I think the question "who am I" is fairly difficult to answer simply because I'm still trying to figure that out. I read horoscopes to get a better understanding of my personality and I think, for the most part, what I understand about myself is what other people have told me. There are a few absolutes, though. I am 20 years old, I'm the only daughter of two successful, intelligent people. I have lived in New York City my whole life, excluding the 9 months I lived upstate my freshman year of college. I quickly realized that Manhattan was the only place I could live. That notion changed, however, about a month ago when I returned from Australia where I spent 2 weeks with my boyfriend and his mother's side of the family. So now I can live in two places, Manhattan and Melbourne. Manhattan is my Mecca, though, and I will always turn to it no matter how far away I am. But that's where I habituate. Doesn't say much about me except that I love urban life and ordering chinese at any hour of the night. I love to write. Which also doesn't say much about who I am, it's really just a hobby. I find poetry the hardest and least fun genre to write in. I do love reading poetry but definitely not as much as I love reading nonfiction (memoirs, mostly) and fiction. Joan Didion is my favorite author, but she plays that role for many, many people. A few years ago I would have said that my friends are the most important people in my life, but I've learned that friends come and go and only very few really stay with you. Family is very important to me and always will be. My mom and I are close and even though we fight more than I can say, I know she will always be the person I turn to.

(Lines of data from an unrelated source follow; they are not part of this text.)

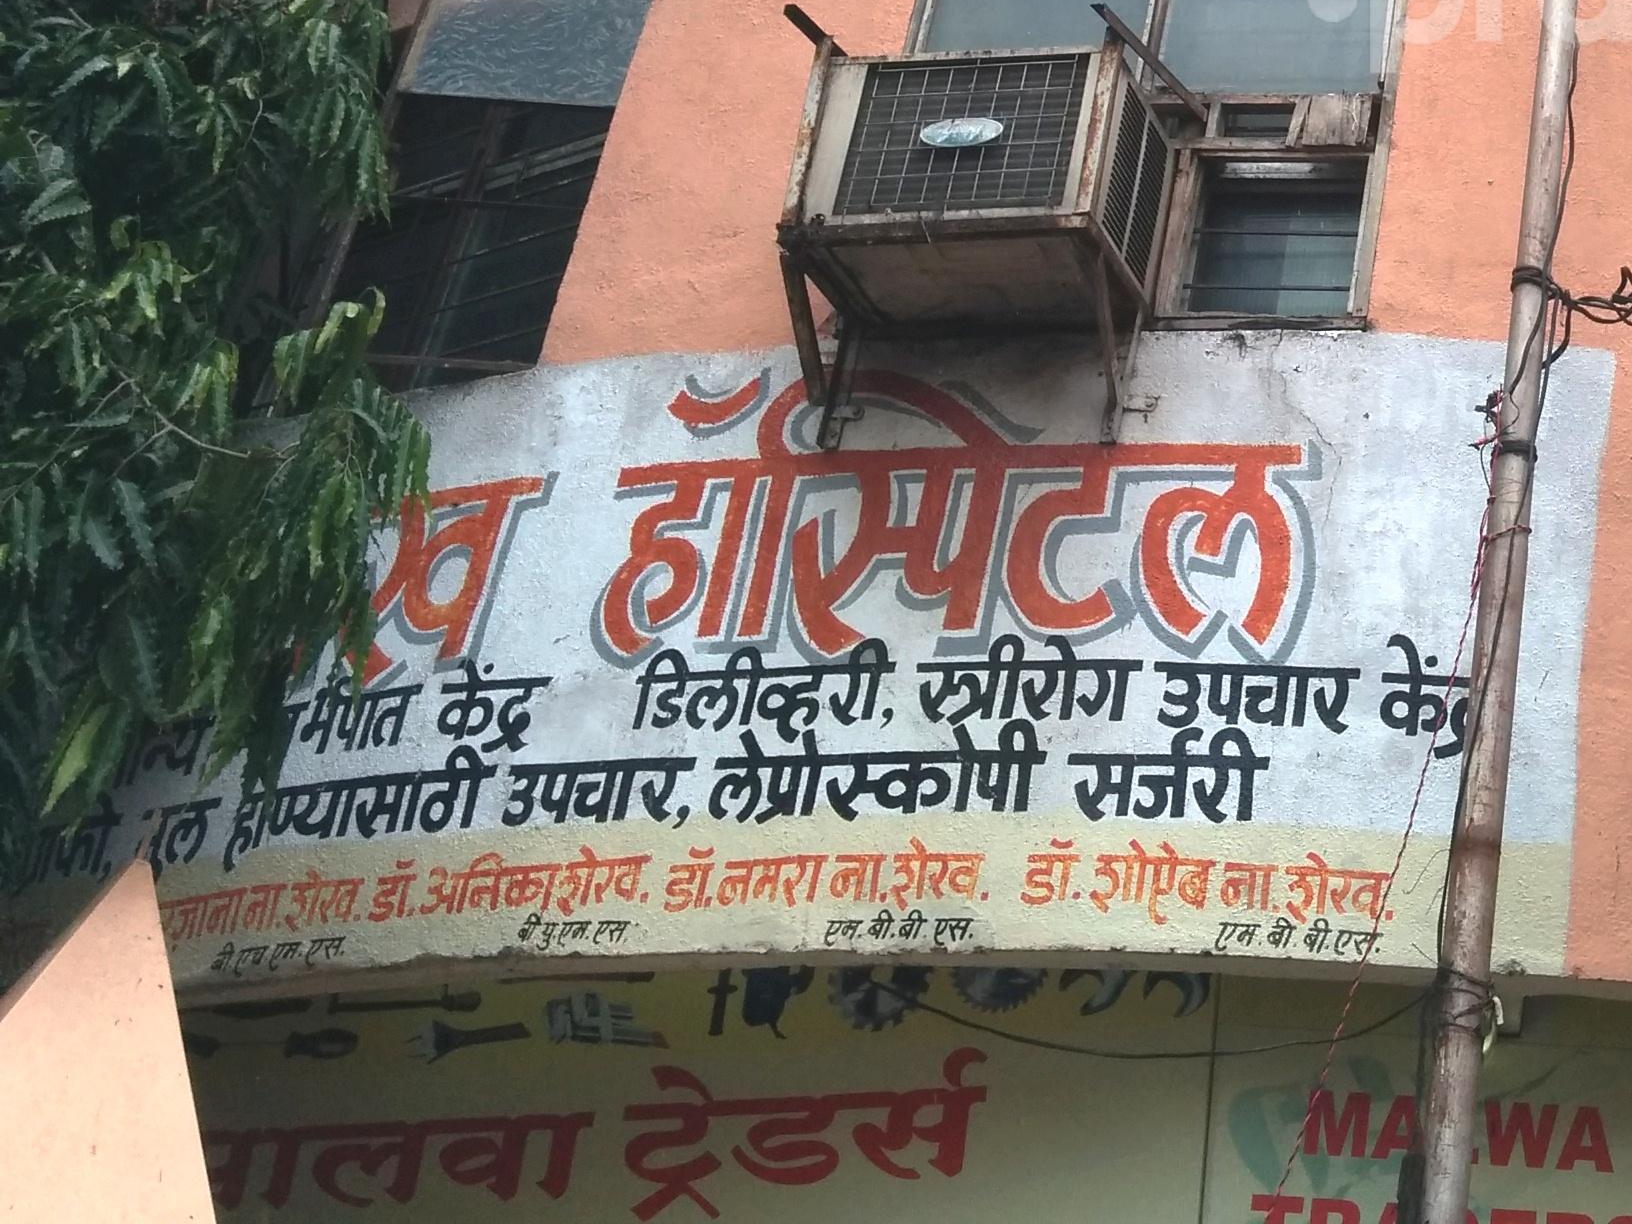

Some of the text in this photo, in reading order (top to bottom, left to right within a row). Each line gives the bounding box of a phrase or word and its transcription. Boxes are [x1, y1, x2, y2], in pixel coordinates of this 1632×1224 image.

[596, 370, 1312, 663] हॉस्पिटल
[436, 659, 554, 753] केंद्र
[916, 636, 1143, 735] स्त्रीरोग
[1154, 660, 1360, 735] उपचार
[1067, 725, 1269, 825] सर्जरी
[622, 1046, 989, 1222] ट्रेडर्स
[1303, 1088, 1615, 1174] MAWA

As I mentioned earlier I do read my horoscope, childish and hopeful, yes but I am a Cancer and have found over the years that that zodiac sign fits me like a glove. I'm definitely moody (I'm pissed off at my boyfriend as I'm writing this...he is in the other room showering allowing for some "cool off" time) and I'm also overly sensitive, which is something I surprisingly do not have a hard time admitting. My boyfriend just came back and said "hi", I'm just going to keep writing and pretend I'm not so angry anymore...i.e. hard shell exterior, very crablike. I am very protective of the people I love but probably should be more protective of myself. Many decisions I make are made on impulse; I have a difficult time looking beyond the right now. Some of the best and worst decisions of my life were made that way.

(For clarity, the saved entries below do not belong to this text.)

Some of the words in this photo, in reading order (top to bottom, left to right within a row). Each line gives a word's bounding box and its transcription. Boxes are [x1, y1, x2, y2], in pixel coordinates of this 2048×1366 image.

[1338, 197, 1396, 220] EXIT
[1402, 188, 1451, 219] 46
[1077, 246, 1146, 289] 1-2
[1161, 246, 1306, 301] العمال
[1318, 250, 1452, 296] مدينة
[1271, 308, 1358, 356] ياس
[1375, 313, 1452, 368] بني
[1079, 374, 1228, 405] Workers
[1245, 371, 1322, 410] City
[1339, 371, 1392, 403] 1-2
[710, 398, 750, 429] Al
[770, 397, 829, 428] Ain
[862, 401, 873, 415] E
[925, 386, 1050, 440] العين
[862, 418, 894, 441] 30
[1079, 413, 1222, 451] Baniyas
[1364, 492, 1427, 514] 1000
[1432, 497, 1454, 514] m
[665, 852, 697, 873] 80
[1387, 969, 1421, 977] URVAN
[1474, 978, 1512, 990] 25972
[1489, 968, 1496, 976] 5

I do not like Valentine's day. I really don't understand why it's a holiday at all. It's annoying and obnoxious even when you do have a significant other. Many social gatherings I see as social obligations, which many of my friends make fun of me for and I don't understand why. I want a tattoo but would never get one. Not because I'm Jewish but because I have no idea what I would get that would look cute on a 70-year old woman. Speaking of which, my biggest fear is death and it's on my mind frequently. Again, something that many people make fun of me for, including my family.

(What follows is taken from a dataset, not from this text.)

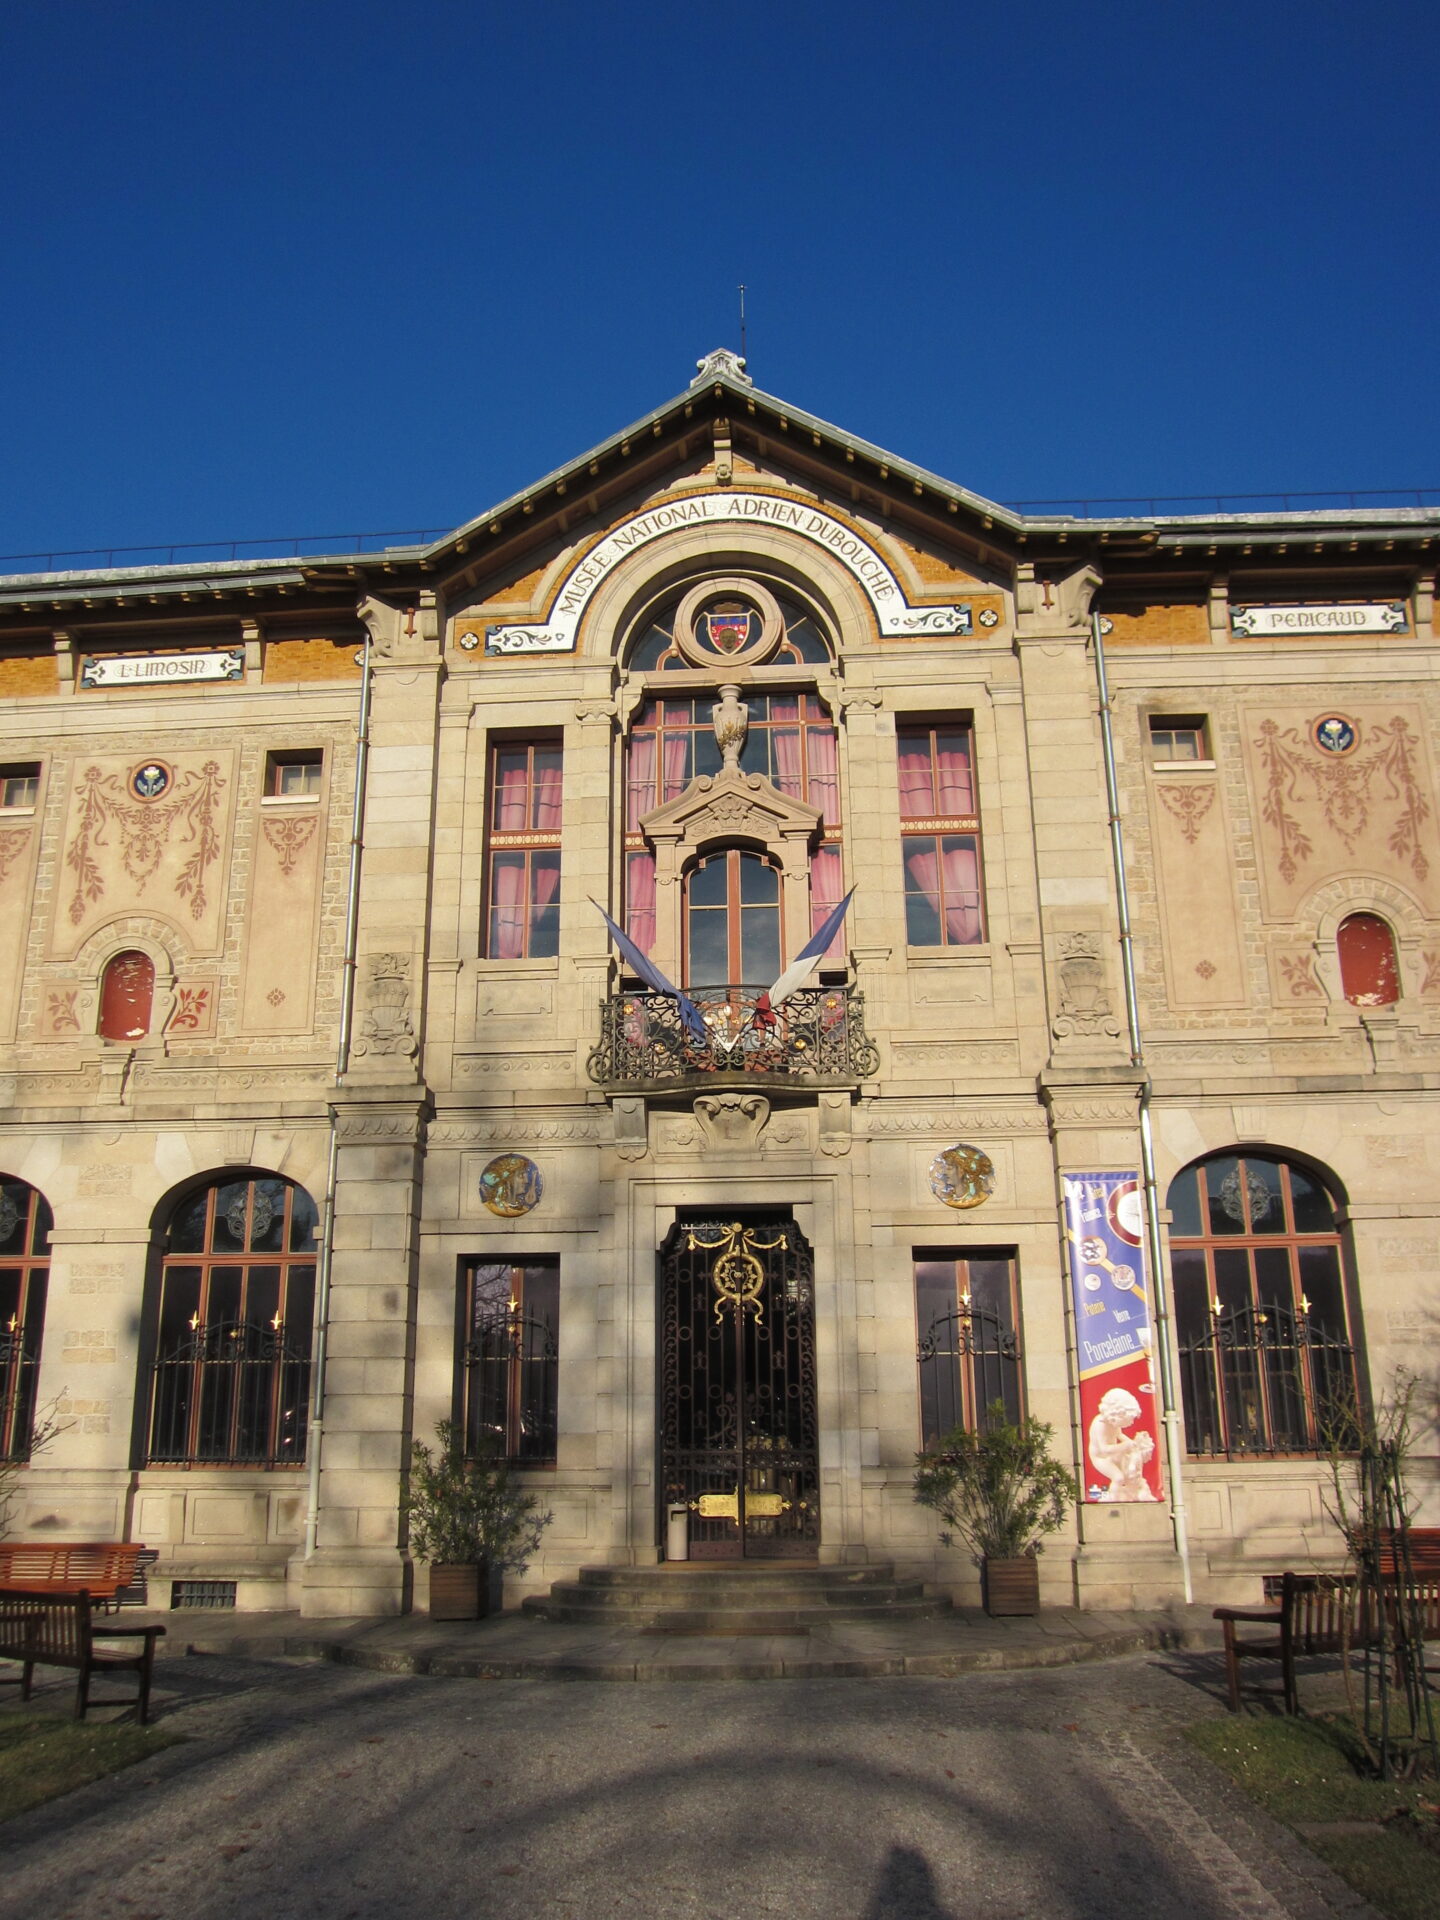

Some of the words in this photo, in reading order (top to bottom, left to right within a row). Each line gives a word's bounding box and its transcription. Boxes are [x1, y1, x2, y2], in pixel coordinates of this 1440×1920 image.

Overall, I'm pretty normal. I like to laugh, see movies, drink wine, write, read...shop(?) but only online. I appreciate good food, good friends and a good night's sleep. I don't do too well without coffee (Dunkin all the way). And that's about it. I'm excited about the time in my life where everyday I learn something new about myself, but until then, this over-simplification of Jaclyn Alexa Riback will have to suffice.